* **RECORDS SUPPLIED**
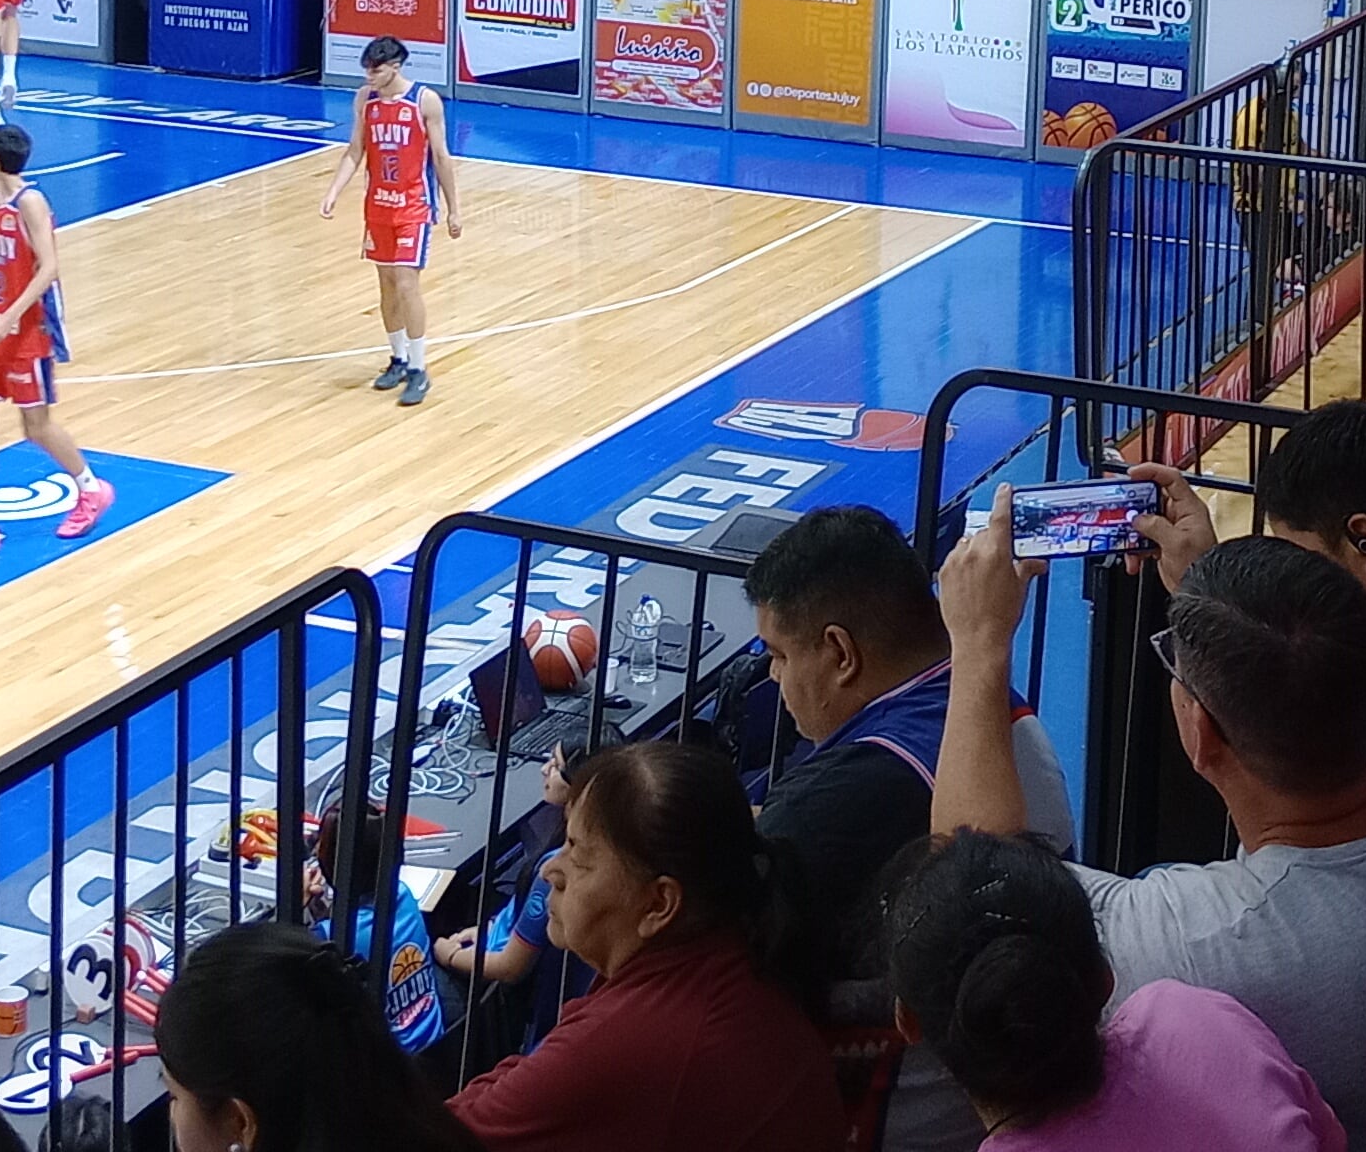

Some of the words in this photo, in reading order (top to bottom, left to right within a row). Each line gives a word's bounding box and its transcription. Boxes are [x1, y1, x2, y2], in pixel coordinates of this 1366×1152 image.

[164, 4, 203, 17] INSTITUTO
[205, 7, 249, 21] PROVINCIAL
[164, 16, 175, 26] DE
[178, 18, 210, 29] JUEGOS
[214, 20, 224, 30] DE
[227, 22, 249, 33] AZAR
[615, 25, 702, 62] Luisiño
[895, 29, 990, 46] SANATORIO
[896, 38, 925, 51] LOS
[935, 41, 1022, 61] LAPACHOS
[773, 85, 860, 108] @DeportesJujuy
[370, 124, 411, 145] JUJUY
[67, 944, 113, 1001] 3
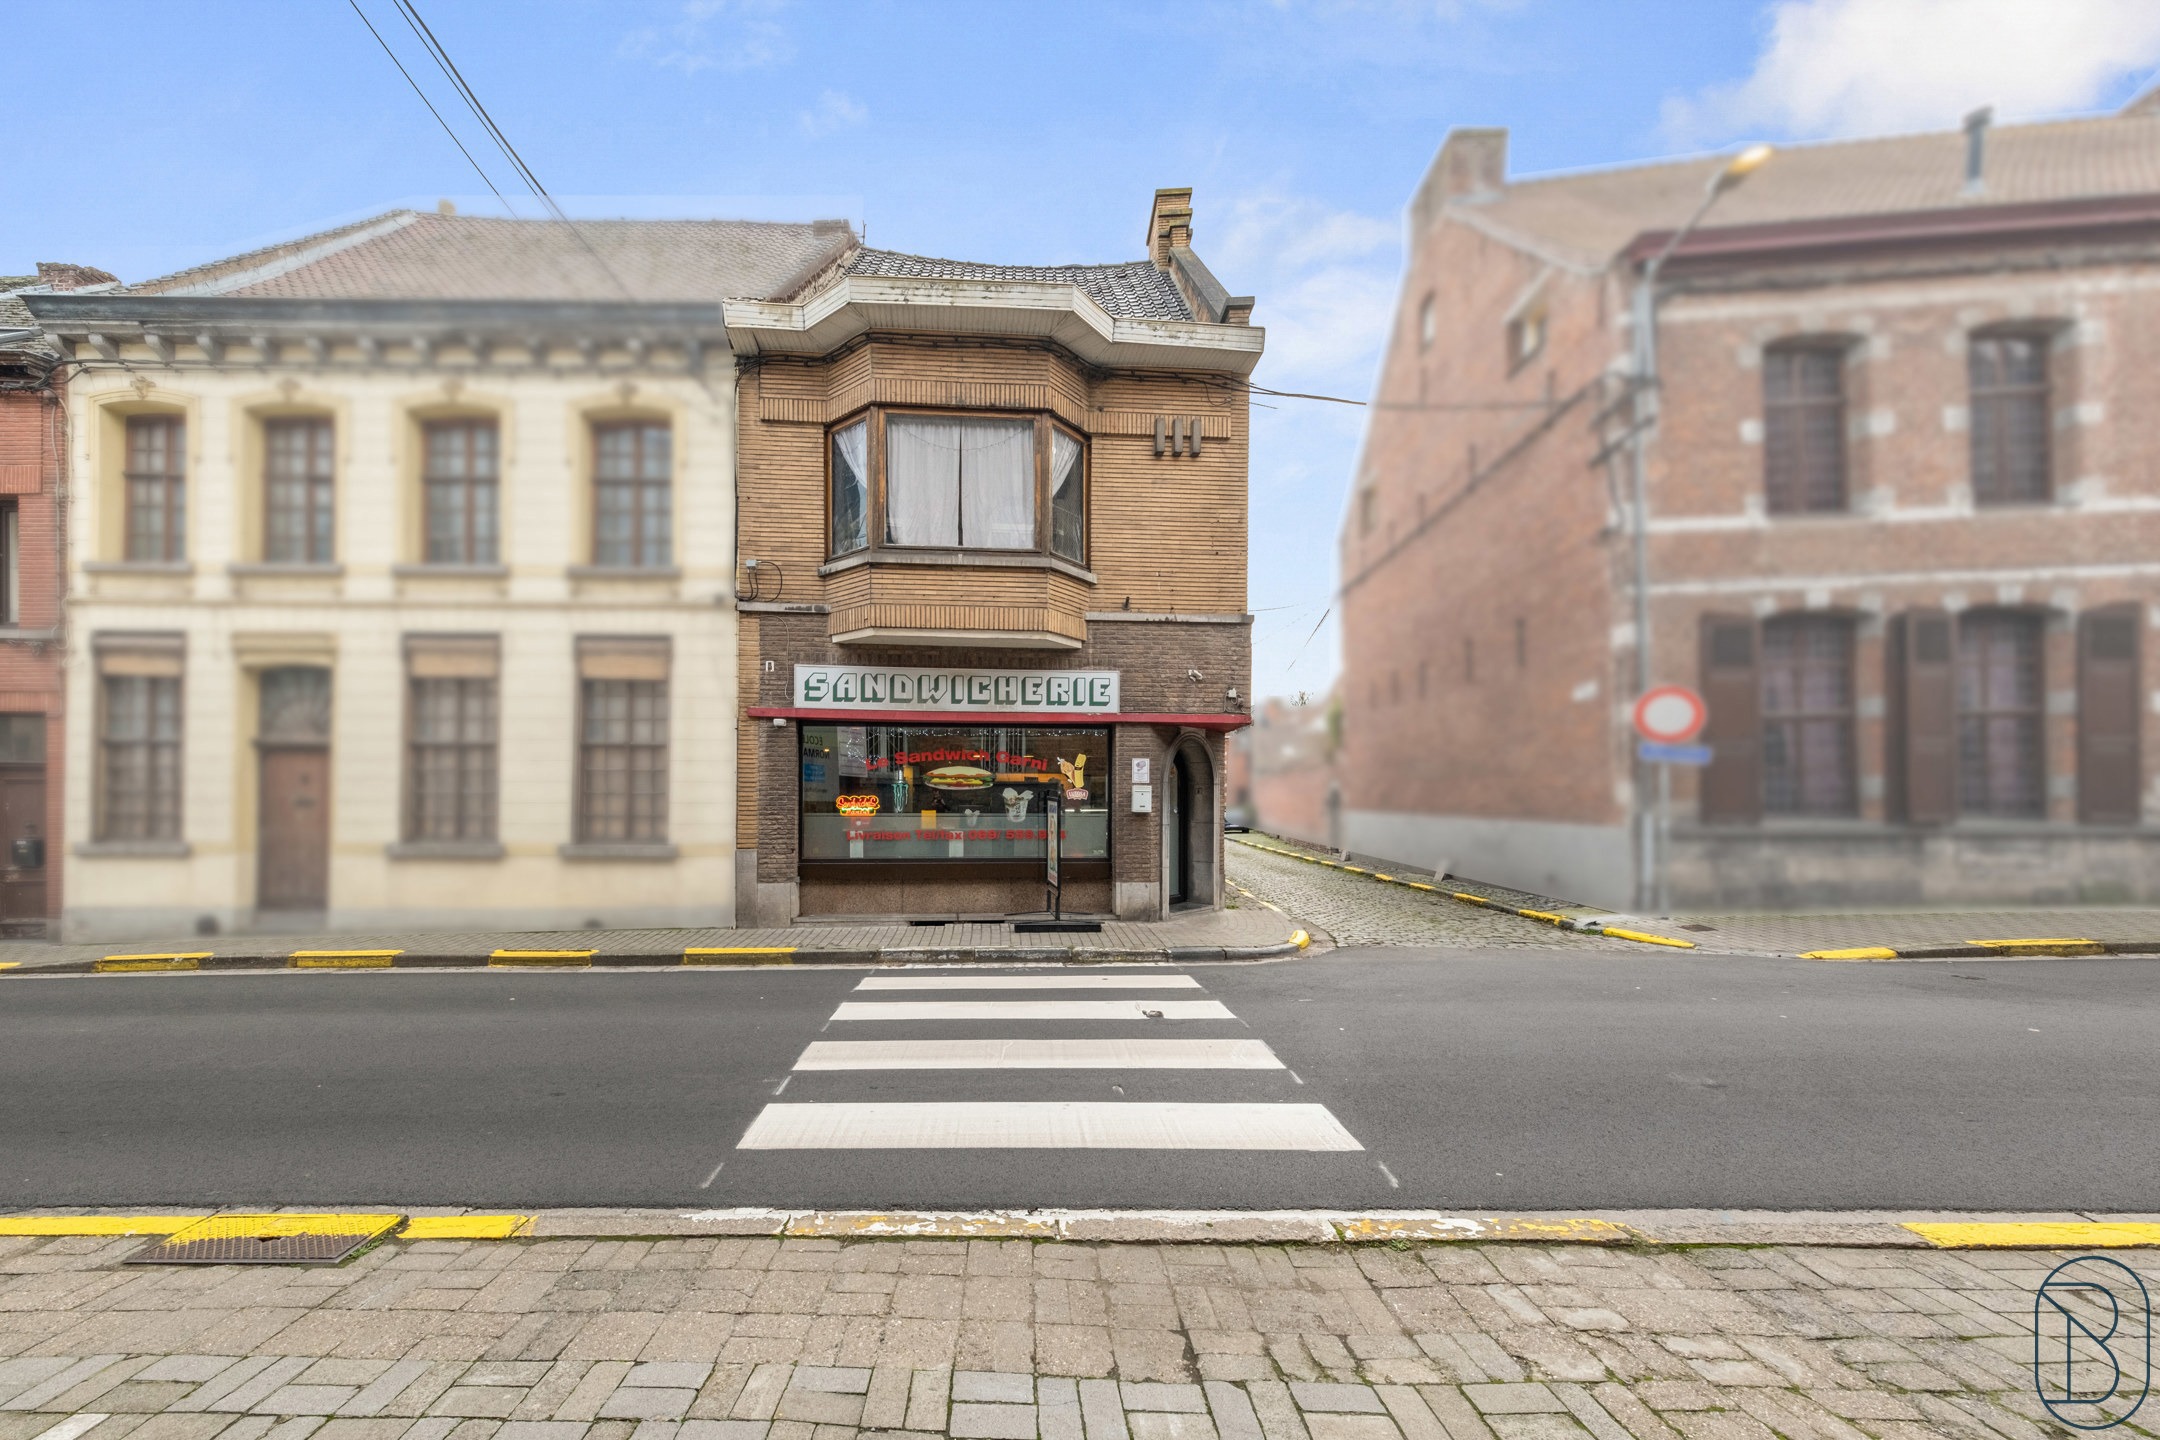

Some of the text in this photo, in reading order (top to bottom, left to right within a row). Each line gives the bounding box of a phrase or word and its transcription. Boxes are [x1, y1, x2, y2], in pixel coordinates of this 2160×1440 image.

[804, 671, 1111, 706] SANDWICHERIE
[865, 748, 1048, 771] Le Sandwich Garni
[846, 829, 911, 841] Livraison
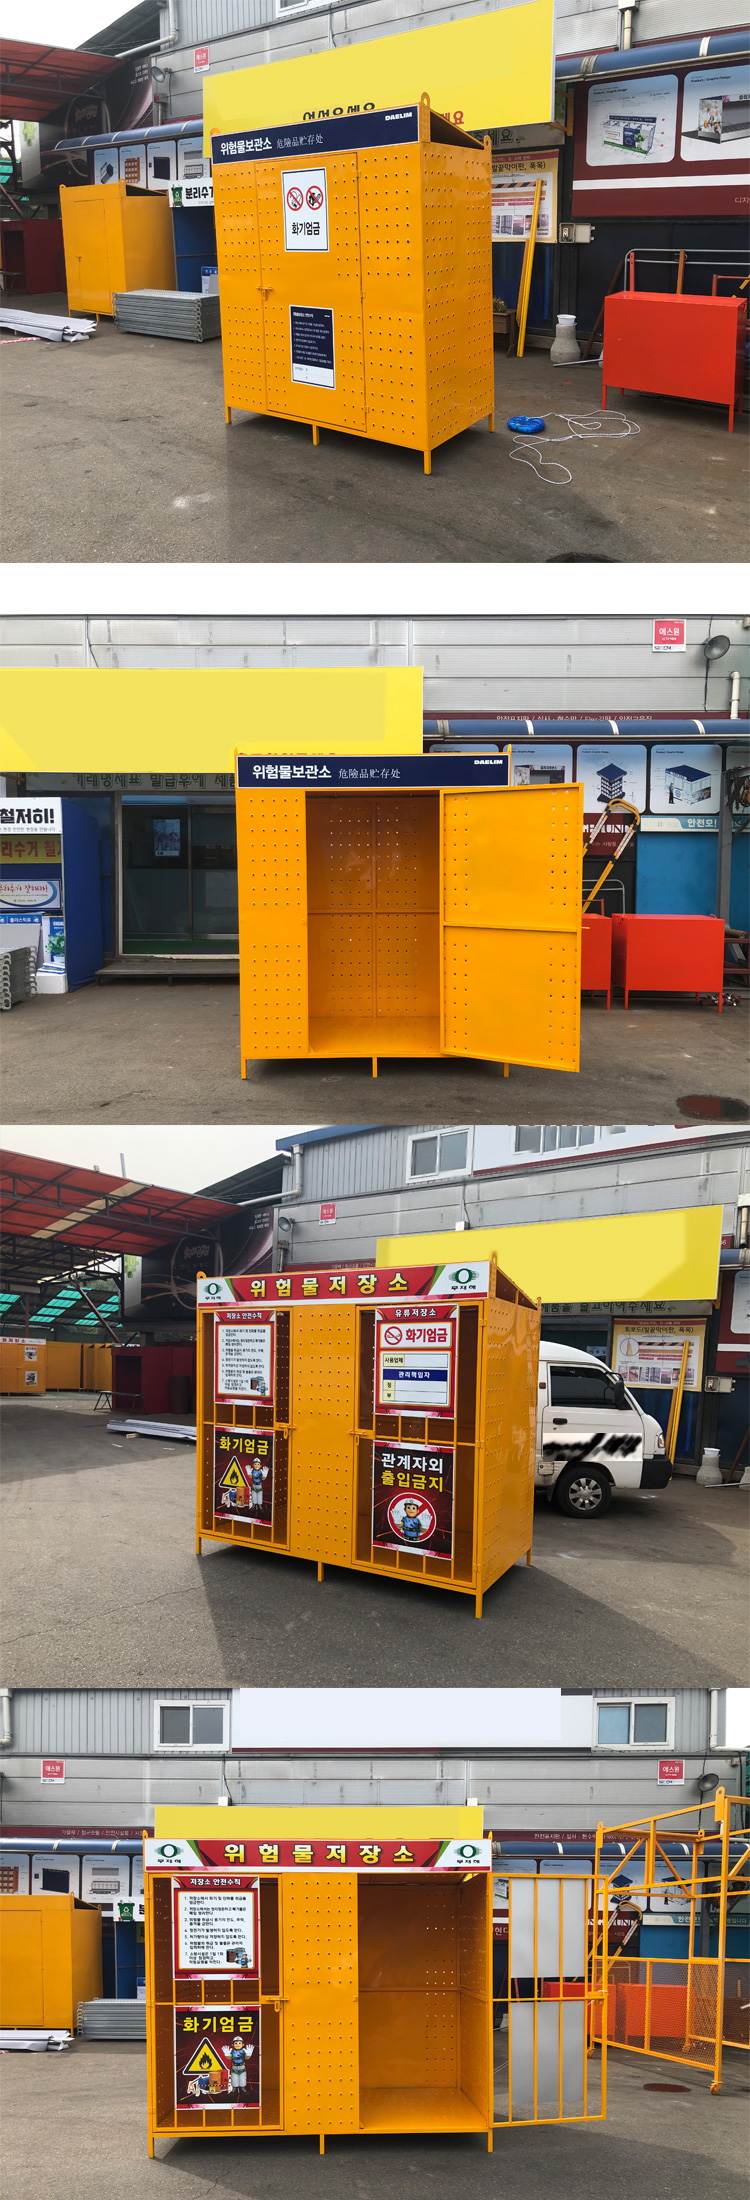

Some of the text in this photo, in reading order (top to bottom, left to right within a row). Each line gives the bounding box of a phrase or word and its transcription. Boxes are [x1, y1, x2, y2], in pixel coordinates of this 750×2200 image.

[384, 111, 413, 121] DAELIM
[220, 136, 272, 156] 위험물보관소
[291, 221, 320, 236] 화기엄금
[658, 627, 680, 636] 에스원
[252, 764, 332, 780] 위험물보관소
[0, 808, 54, 824] 철저히!
[687, 818, 717, 828] 안전모!
[249, 1272, 408, 1298] 위험물저장소
[395, 1308, 437, 1317] 유류저장소
[405, 1327, 448, 1343] 화기엄금
[398, 1370, 431, 1379] 관리책임자
[219, 1436, 269, 1456] 화기엄금
[381, 1452, 444, 1474] 관계자외
[381, 1469, 444, 1493] 출입금지
[223, 1843, 415, 1864] 위험물저장소
[190, 1878, 241, 1886] 저장소 안전수칙
[182, 2016, 254, 2033] 화기엄금
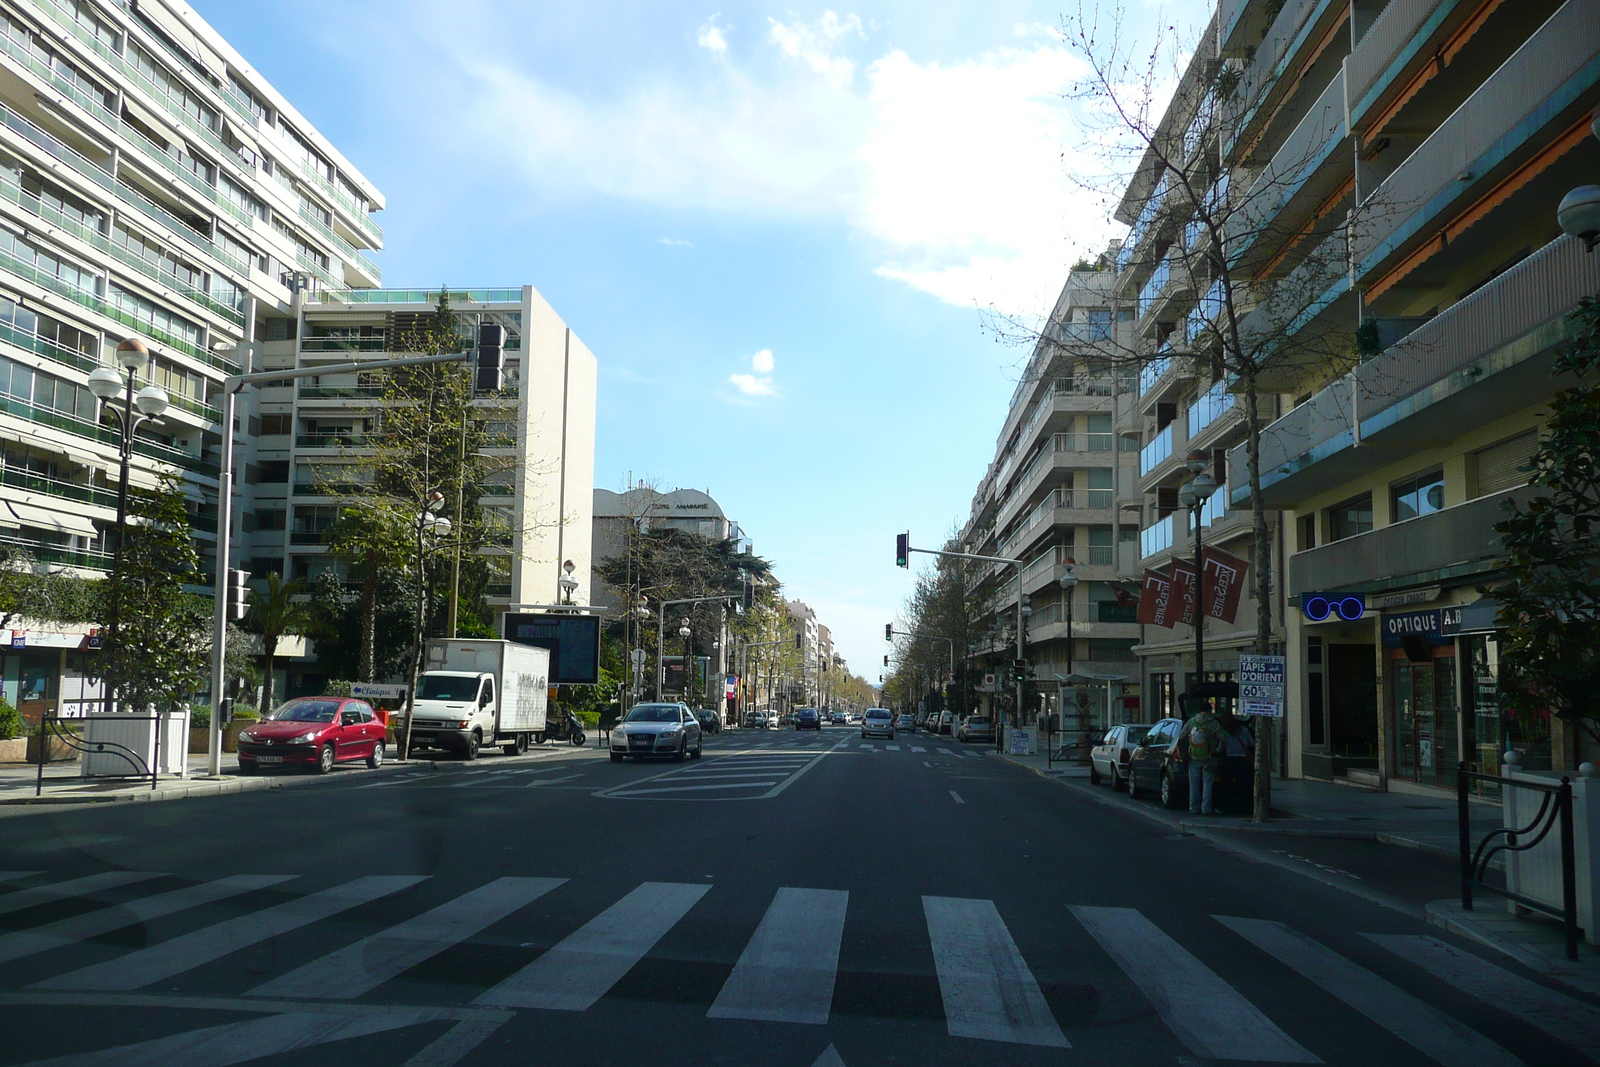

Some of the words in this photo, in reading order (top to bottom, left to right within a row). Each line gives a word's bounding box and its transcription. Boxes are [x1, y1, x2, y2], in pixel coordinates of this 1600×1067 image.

[1388, 614, 1437, 634] OPTIQUE
[1241, 662, 1266, 672] TAPIS
[1241, 672, 1282, 682] D'ORIENT
[361, 686, 391, 697] Clinique
[1243, 685, 1266, 697] 60%

* **WHAT THE TASK ASKS**
Your response must consist of the material above, reproduced word for word, with the images omitted.

* **RESULT OF THIS TASK**
Some of the words in this photo, in reading order (top to bottom, left to right within a row). Each line gives a word's bounding box and its transcription. Boxes are [x1, y1, x2, y2], in pixel coordinates of this 1366×1152 image.

[164, 4, 203, 17] INSTITUTO
[205, 7, 249, 21] PROVINCIAL
[164, 16, 175, 26] DE
[178, 18, 210, 29] JUEGOS
[214, 20, 224, 30] DE
[227, 22, 249, 33] AZAR
[615, 25, 702, 62] Luisiño
[895, 29, 990, 46] SANATORIO
[896, 38, 925, 51] LOS
[935, 41, 1022, 61] LAPACHOS
[773, 85, 860, 108] @DeportesJujuy
[370, 124, 411, 145] JUJUY
[67, 944, 113, 1001] 3

Some of the text in this photo, in reading order (top to bottom, left to right within a row). Each line gives the bounding box of a phrase or word and its transcription. Boxes are [x1, y1, x2, y2], in pixel coordinates of this 2160×1440 image.

[804, 671, 1111, 706] SANDWICHERIE
[865, 748, 1048, 771] Le Sandwich Garni
[846, 829, 911, 841] Livraison

Some of the text in this photo, in reading order (top to bottom, left to right within a row). Each line gives the bounding box of a phrase or word and its transcription. Boxes are [x1, y1, x2, y2], in pixel coordinates of this 750×2200 image.

[384, 111, 413, 121] DAELIM
[220, 136, 272, 156] 위험물보관소
[291, 221, 320, 236] 화기엄금
[658, 627, 680, 636] 에스원
[252, 764, 332, 780] 위험물보관소
[0, 808, 54, 824] 철저히!
[687, 818, 717, 828] 안전모!
[249, 1272, 408, 1298] 위험물저장소
[395, 1308, 437, 1317] 유류저장소
[405, 1327, 448, 1343] 화기엄금
[398, 1370, 431, 1379] 관리책임자
[219, 1436, 269, 1456] 화기엄금
[381, 1452, 444, 1474] 관계자외
[381, 1469, 444, 1493] 출입금지
[223, 1843, 415, 1864] 위험물저장소
[190, 1878, 241, 1886] 저장소 안전수칙
[182, 2016, 254, 2033] 화기엄금

Some of the words in this photo, in reading order (top to bottom, left to right within a row). Each line gives a word's bounding box and its transcription. Boxes are [x1, y1, x2, y2], in pixel coordinates of this 1600×1067 image.

[1388, 614, 1437, 634] OPTIQUE
[1241, 662, 1266, 672] TAPIS
[1241, 672, 1282, 682] D'ORIENT
[361, 686, 391, 697] Clinique
[1243, 685, 1266, 697] 60%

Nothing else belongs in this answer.